Looking back at each of these periods is going to be the current work.  While the US credit rating falters and talking head pundits scream at each other, I think that my time will be better spent trying to understand the context.  Could the work of the self-grasping and greedy corporate and Wall Street magnates bring down that which all of the demonstrations and boycotts of the last forty years could not?  Stay tuned.

Friday, August 12, 2011

Day # 271 Cannibalism

It seems to me that the combination of greed and a lack of leadership will end up doing the job that generations of revolutionaries and gadflies could not do, namely, un-make capitalism.

I have to ponder this a bit, but if I am not mistaken, the modern financial structure as I know it is eating itself from the inside out.  It appears to be completely unsustainable and as such should collapse on itself.
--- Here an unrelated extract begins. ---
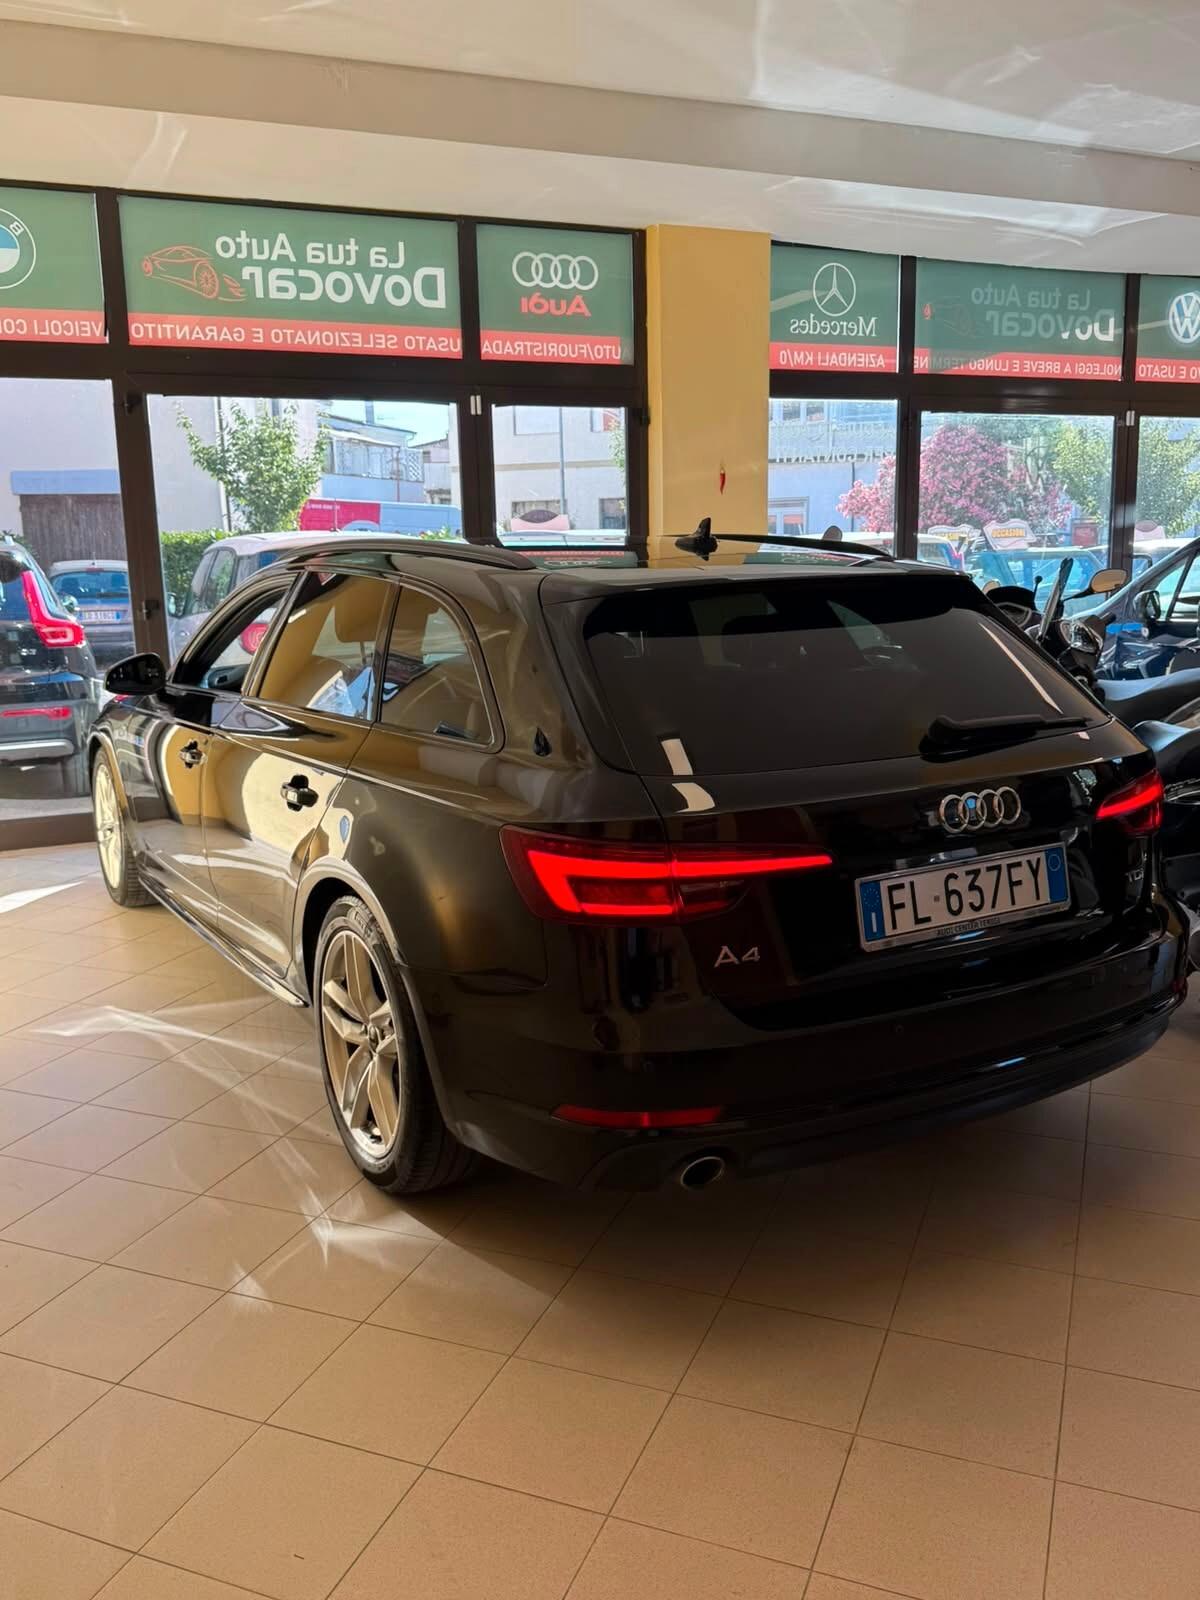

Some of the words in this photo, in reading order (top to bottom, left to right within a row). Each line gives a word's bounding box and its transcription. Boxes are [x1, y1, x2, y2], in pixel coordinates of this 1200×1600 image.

The thought has been lurking around in my mind as I move both household and shop to the hinterlands across the water.  Yeah, I've been busy and the blog has suffered.  There will be much more to write about in the coming days.

Thursday, August 4, 2011

Day # 263 Grow your revolution.....

While we are about the business of knocking over the last upright bricks in the foundation of post-modern capitalism, another method of striking a blow occurs to me.  How would you like to have some American Gothic sort of fun, maybe meet the neighbors, and in the process strike another blow?  Easey-peasy.

Grow your own.

Well, you can do that too, and it will be striking a blow of a different sort. but what I actually meant was growing your own food.  That's right, grow some food.  Reclaim a little land, Sisters and Brothers, even if you dwell in the confines of the apartment block or the condo.  Bring a bit of the earth back into cultivation. After all, its even an exhortation in the bible somewhere.  Get some pots, fill 'em with dirt and grow some maters on your deck or balcony.  If you want to get crazy, check the web for window gardens and grow some greens in recycled pop bottles.  Dig up a section of that planter strip and grow squash, not grass.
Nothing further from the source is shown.